DES MOINES — The politically divided Iowa Senate voted Monday to re-establish a 20-bed state-run facility to provide treatment and educational services for troubled teenagers previously served at the Iowa Juvenile Home before the Toledo center was closed in January.
The proposed facility, with enhanced accountability measures and state-of-the-art treatment programs for female youth adjudicated delinquent, was included in a $1.858 billion budget bill that would fund human services, public health and other programs for the 2015 fiscal year that begins July 1.
“There are girls in this state who have no other place to go and if we do not provide this kind of treatment system for them, we would be delinquent,” said Sen. Jack Hatch, D-Des Moines, co-chair of the Legislature’s Health & Human Services budget subcommittee and floor manager of the bill, which passed on a 26-22 party-line vote.
The future of the Toledo home and services for delinquent girls is the main difference between the Senate, where Democrats hold a 26-24 edge, and the 53-47 GOP-led House on a major piece of the nearly $7 billion fiscal 2015 budget. The bill now goes back to the House for consideration.
The health and human services spending piece represents a 6.1 percent increase over current funding, but much of the $107 million jump is to cover a federal Medicaid reimbursement change that represents an $87 million hit to the state general fund budget.
The House-passed version did not include any funds for re-establishing the Iowa Juvenile Home but appropriated $5.1 million for placing girls classified as children in need of assistance (CINA) with private providers and spending $780,000 to maintain the Toledo property. Senators earmarked $3.9 million to reopen the facility and operate 20 beds for delinquent girls, $1.1 million to provide after-care services and $2 million for CINA placements with private providers.

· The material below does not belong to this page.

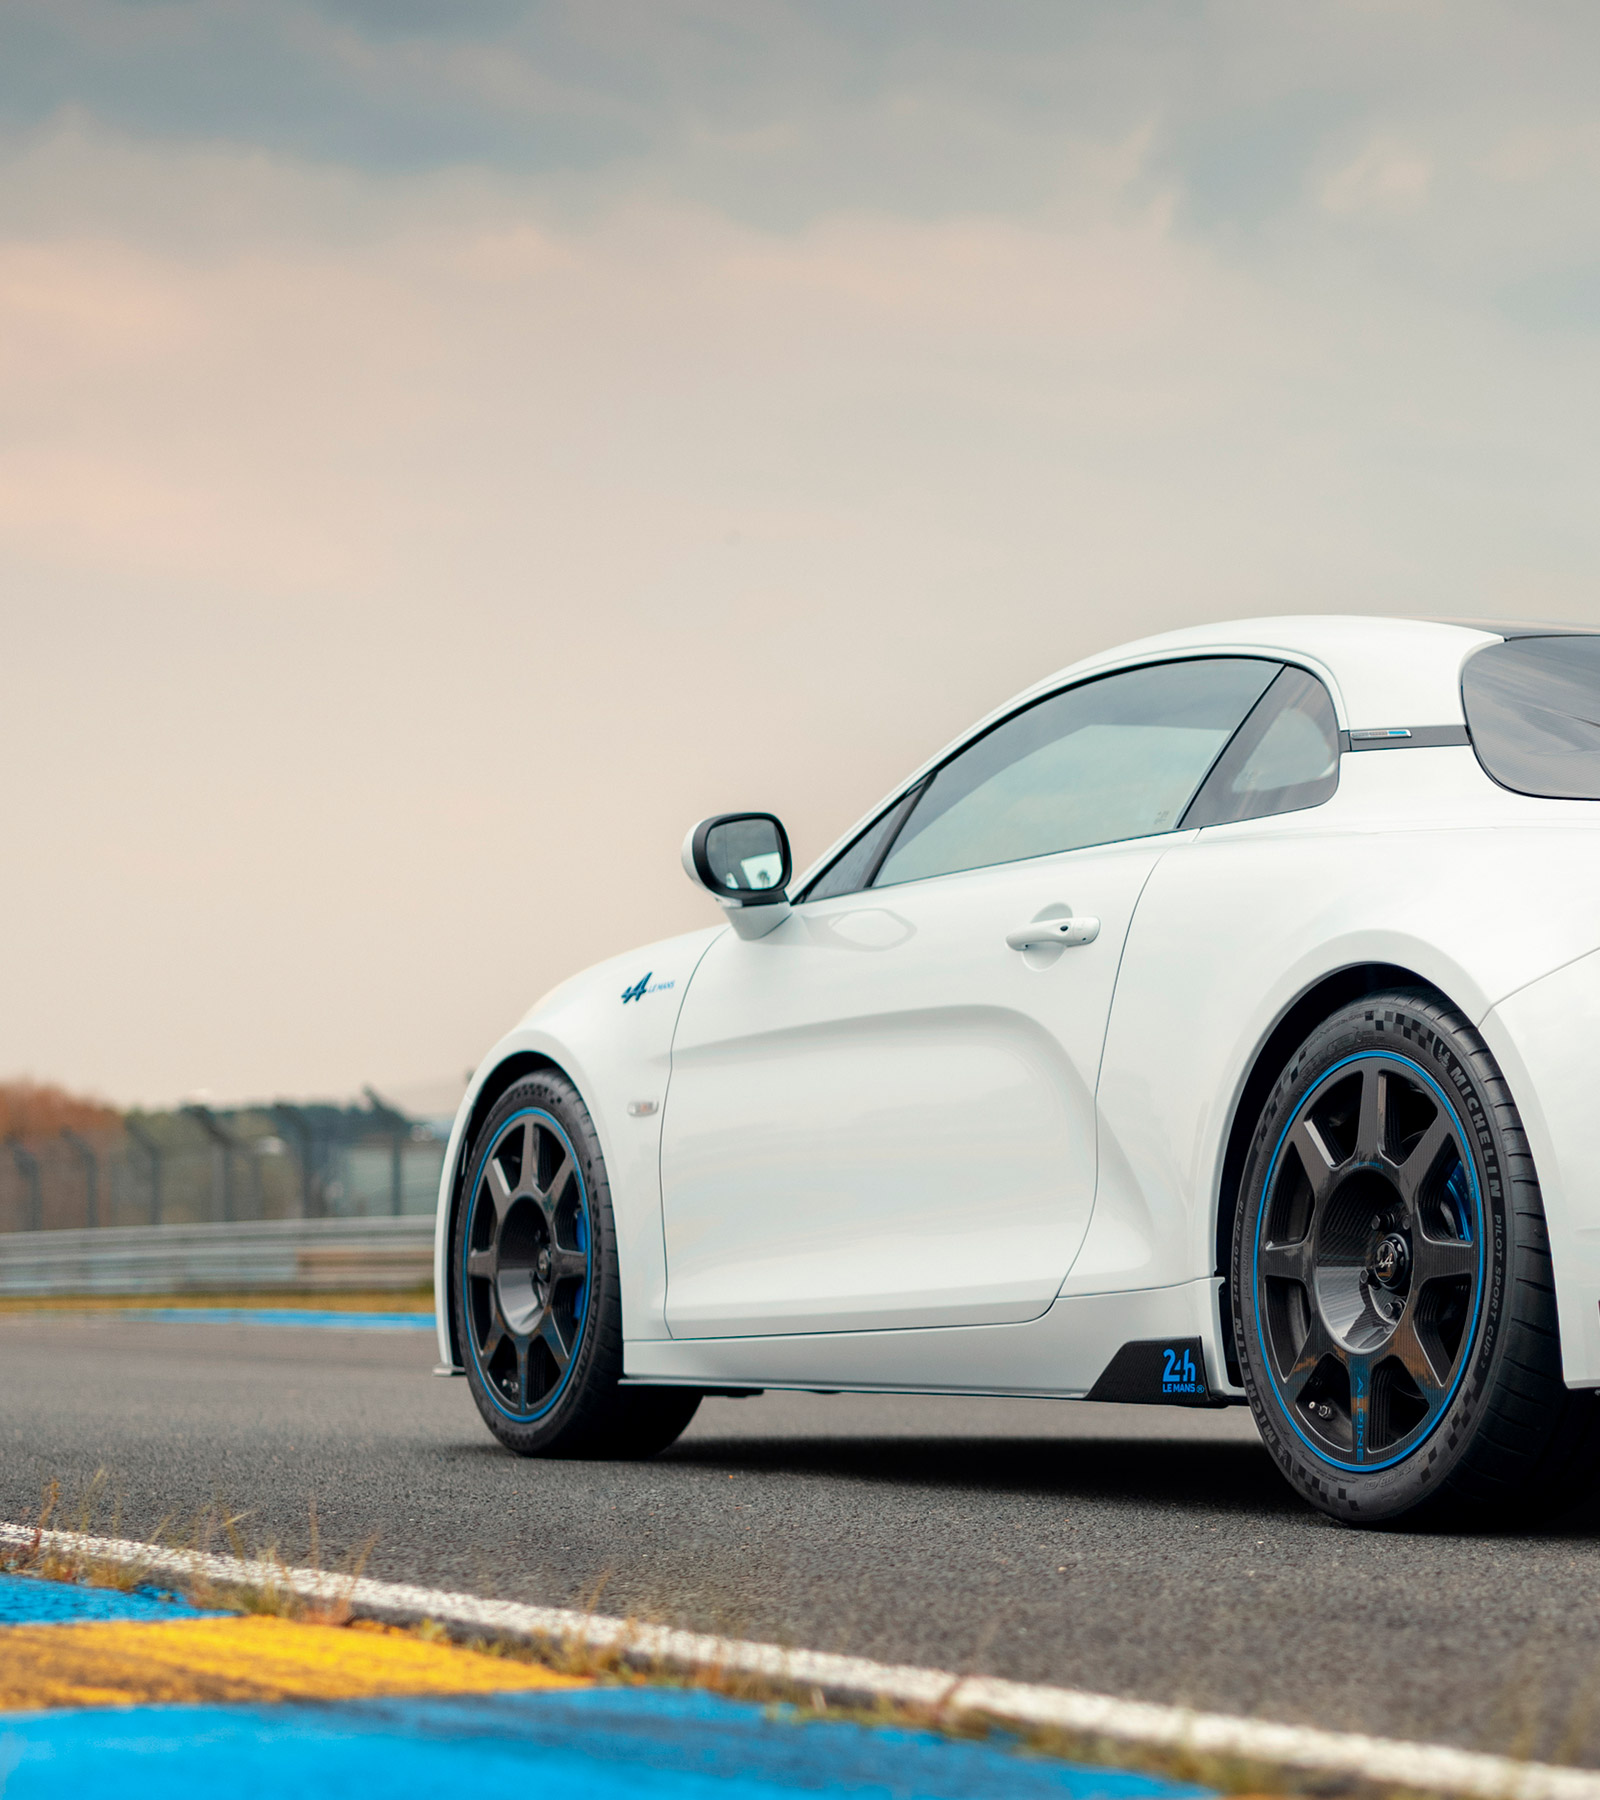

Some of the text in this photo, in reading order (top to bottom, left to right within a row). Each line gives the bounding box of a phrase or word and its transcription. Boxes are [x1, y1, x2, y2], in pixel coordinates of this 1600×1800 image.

Sen. Julian Garrett, R-Indianola, said he opposed the Senate version because it under-funded projected Medicaid spending in fiscal 2015 by at least $11 million. “To me, that’s just not sound budgeting to purposefully underfund an entitlement,” Garrett said.
Hatch said the difference with the House on that point is a small piece given that the projections are on a piece of the budget that tops $1.4 billion as the state’s share of the Medicaid program costs. He said the issue likely would be on the table if the measure moves to a House-Senate conference committee.
The budget measure proposes to delay by one year the Medicaid “claw-back” for counties under the regionalized approach to Mental Health and Disability Services provisions and to not allow implementation until MHDS core and core plus services are fully funded as outlined in approved regional management plans.
The bill also provides $7.5 million to reduce the waiting list for Medicaid waiver services offered to vulnerable populations and an additional $1.2 million to improve services for Iowa seniors, including reversing Branstad’s veto of two additional long-term care ombudsmen to assist seniors in nursing facilities.
In other action Monday, senators voted 48-0 to approve a revamp of the cultural affairs tax credit program that provides $45 million for historic preservation, cultural and entertainment districts that qualify. The bill takes effect July 1 but applies to project agreements entered into on or after that date.
Sen. Bill Dotzler, D-Waterloo, said the amended version of the bill will require that qualifying projects be “shovel ready” with approved financing and determined by a point system rather than a lottery selection process. The bill allows unclaimed credits to be awarded to different projects.
The state Department of Revenue’s most recent Contingent Liabilities Report projected that fiscal tax credit redemptions under the program will total $37.7 million in fiscal 2014 and increase to $44 million in fiscal 2018.
Today is a milestone day for the Legislature. The arrival of the 2014 session’s 100th calendar day means lawmakers’ daily expense money ($144 for those living outside of Polk County) runs out, which traditionally has been viewed as a harbinger that adjournment may be nearing.